● **Task item**
Make an exact copy of the entries below with the pictures removed.

● **Recorded information**

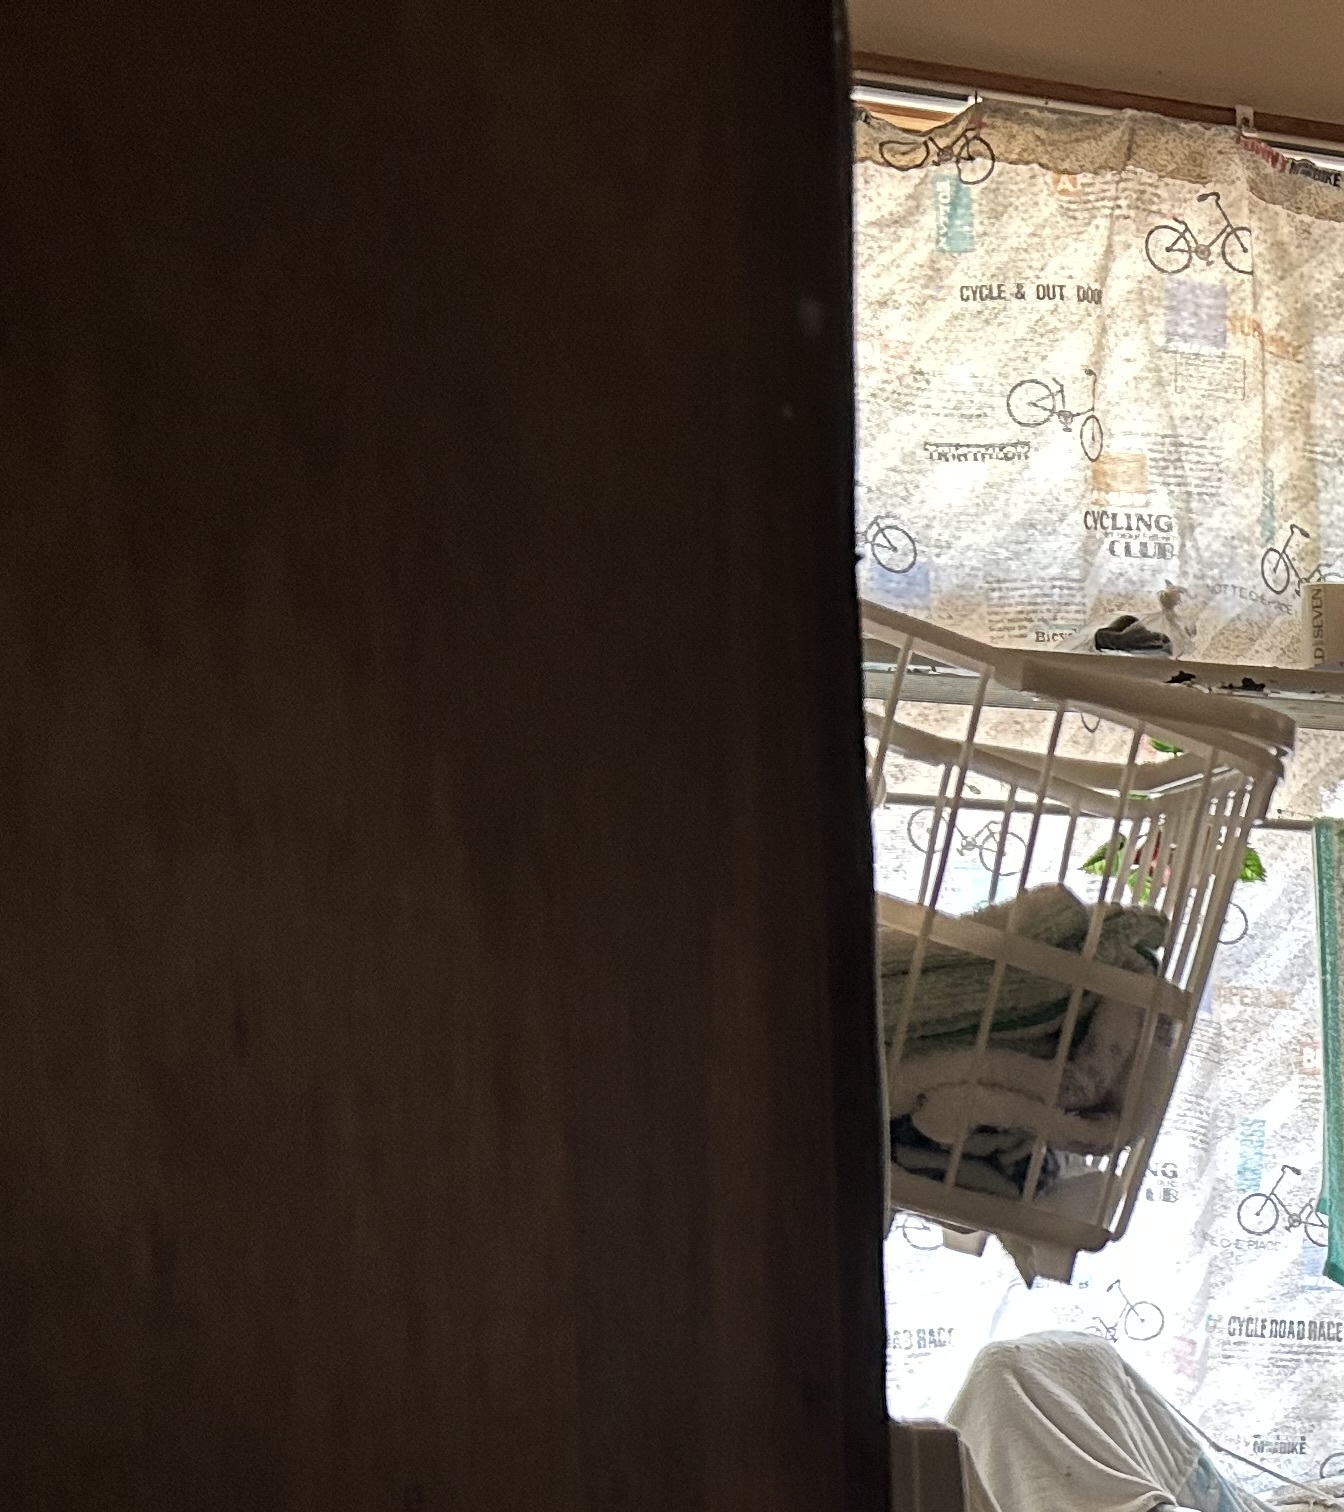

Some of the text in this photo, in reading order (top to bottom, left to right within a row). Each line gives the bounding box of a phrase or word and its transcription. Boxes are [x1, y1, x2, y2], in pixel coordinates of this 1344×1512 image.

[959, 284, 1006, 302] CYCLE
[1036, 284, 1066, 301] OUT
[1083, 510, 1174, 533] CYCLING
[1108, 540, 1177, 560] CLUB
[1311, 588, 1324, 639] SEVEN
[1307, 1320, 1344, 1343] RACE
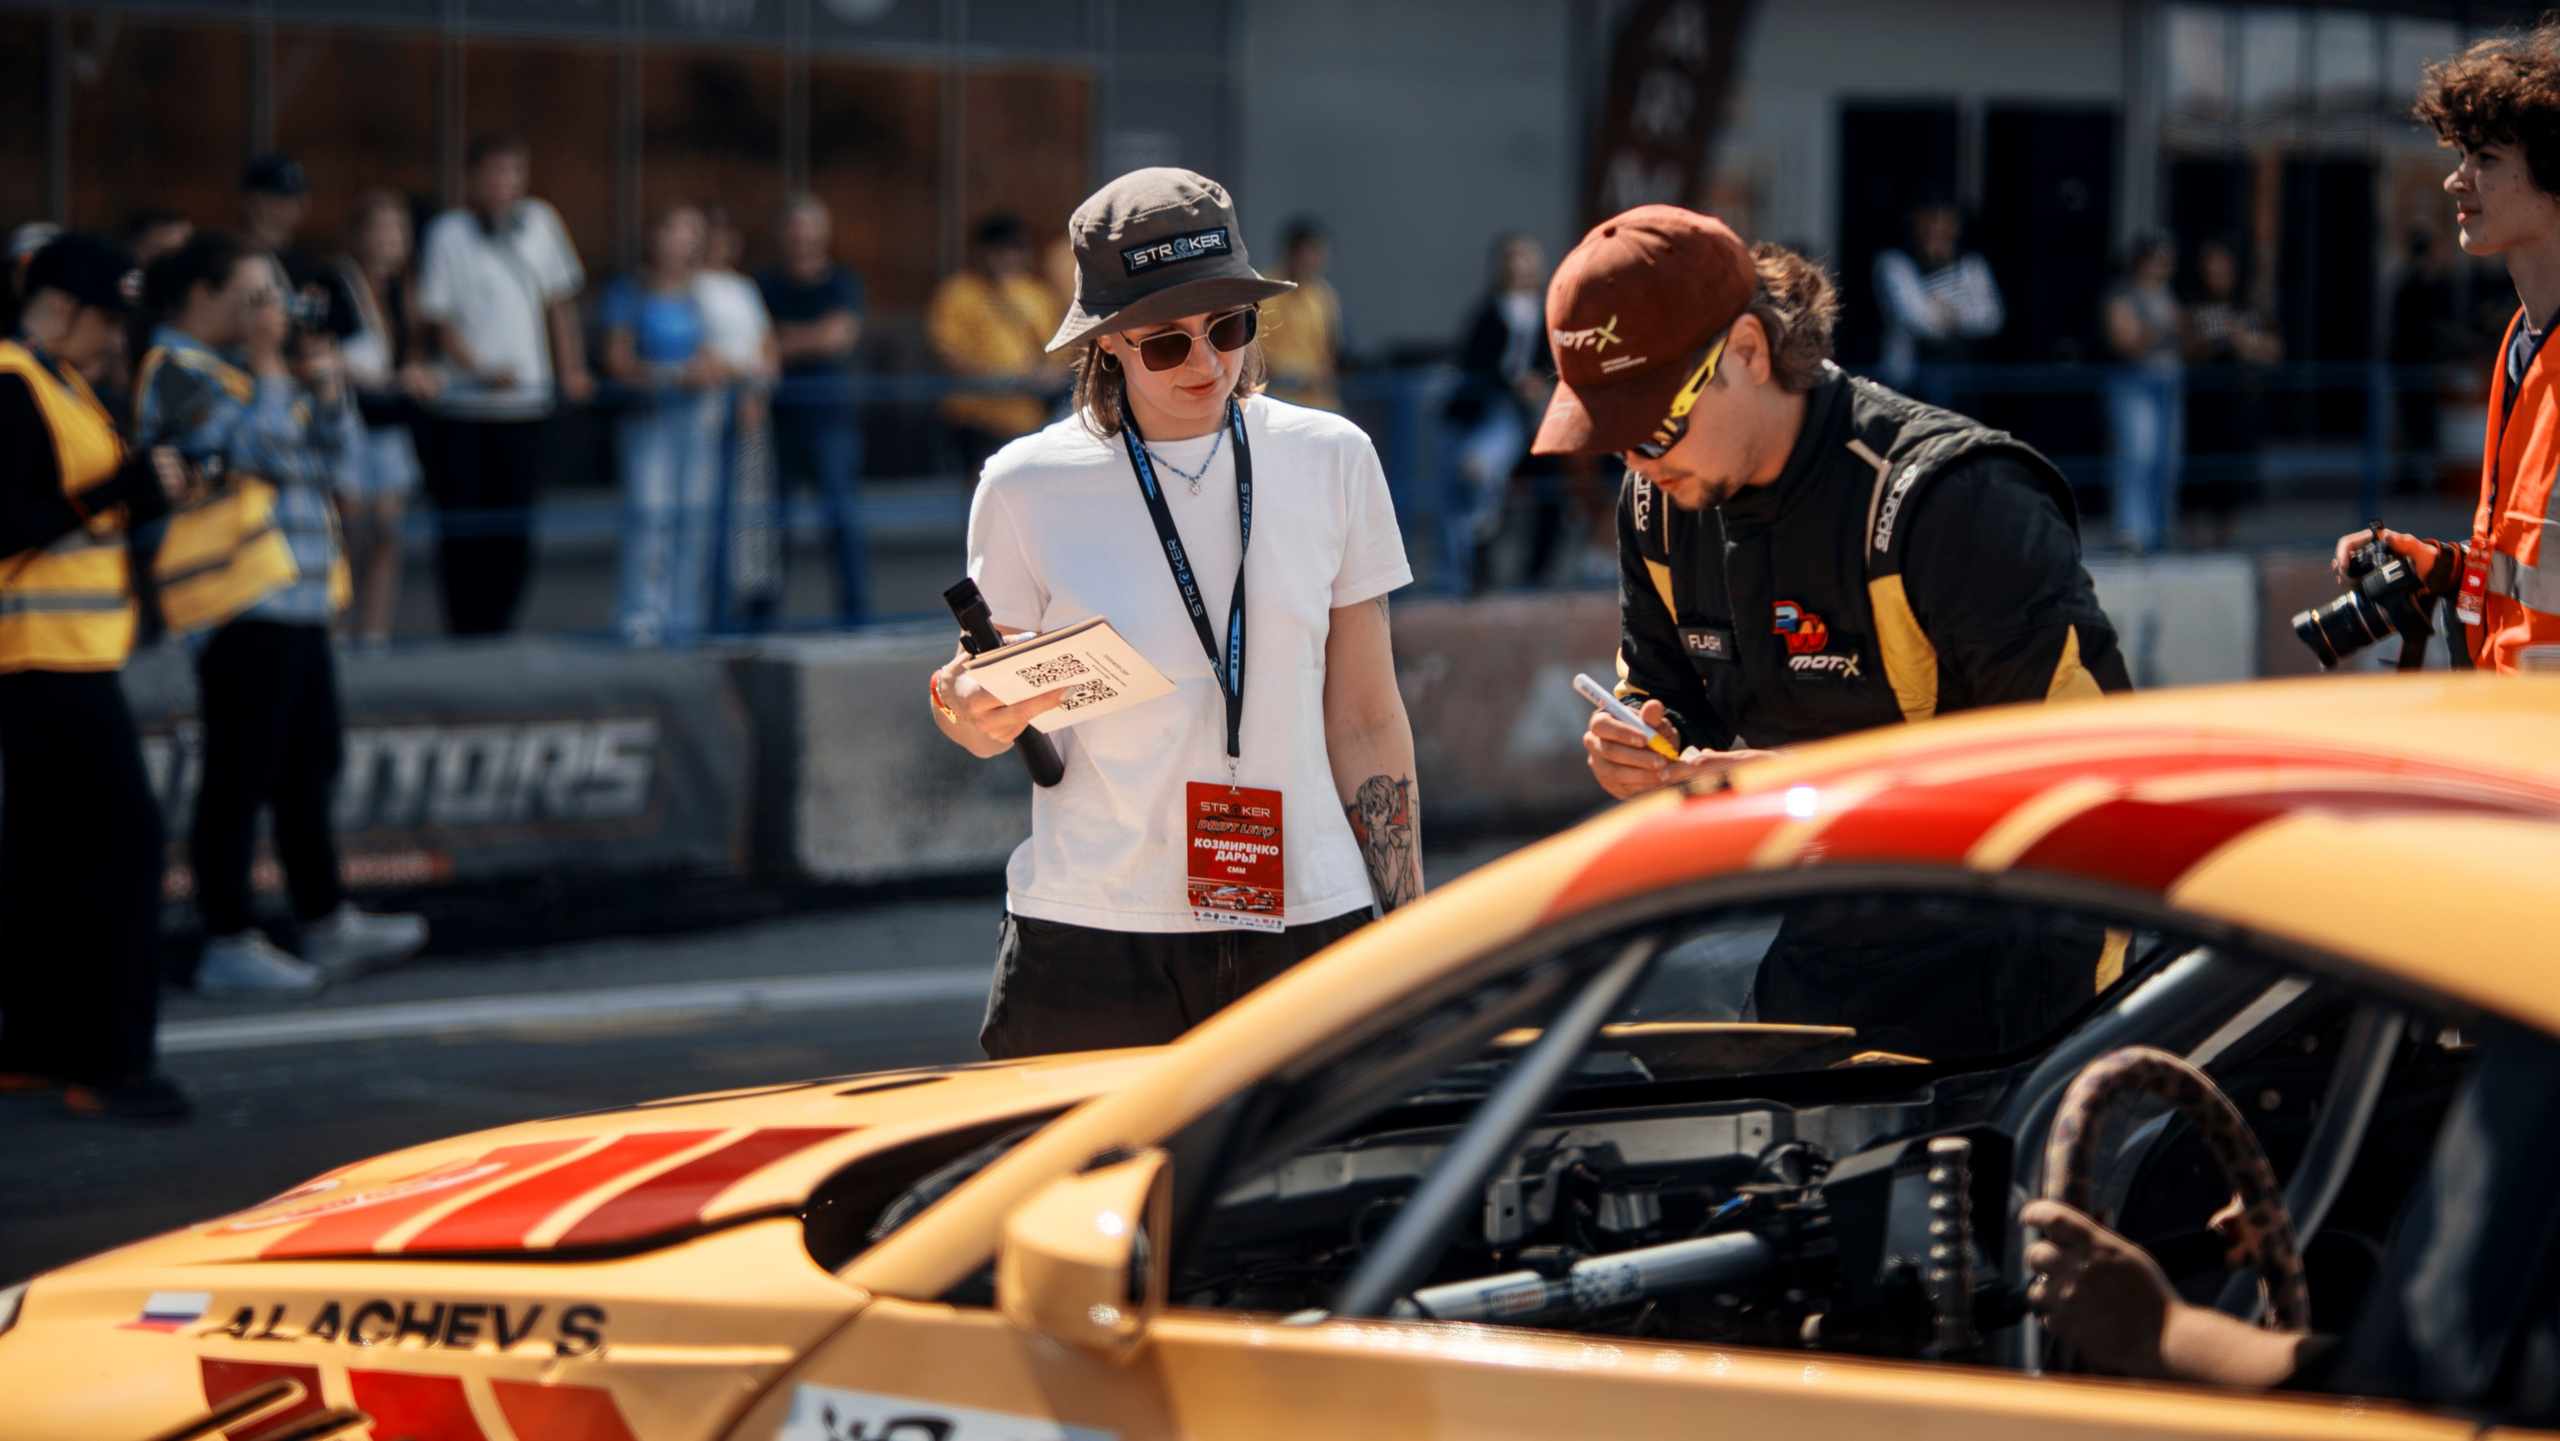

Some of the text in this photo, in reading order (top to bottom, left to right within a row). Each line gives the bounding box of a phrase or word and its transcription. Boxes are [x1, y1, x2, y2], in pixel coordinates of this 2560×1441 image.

● **Written response**
Some of the text in this photo, in reading order (top to bottom, left to right within a row). Each line gives the bounding box of a phrase or word and its transcription. Boxes are [x1, y1, x2, y2], in pixel coordinates of this 1344×1512 image.

[959, 284, 1006, 302] CYCLE
[1036, 284, 1066, 301] OUT
[1083, 510, 1174, 533] CYCLING
[1108, 540, 1177, 560] CLUB
[1311, 588, 1324, 639] SEVEN
[1307, 1320, 1344, 1343] RACE

Some of the text in this photo, in reading order (top to bottom, left to right within a row). Each line gives the bounding box of a phrase or word and its transcription. Boxes are [x1, y1, x2, y2], in pixel coordinates of this 2560×1441 image.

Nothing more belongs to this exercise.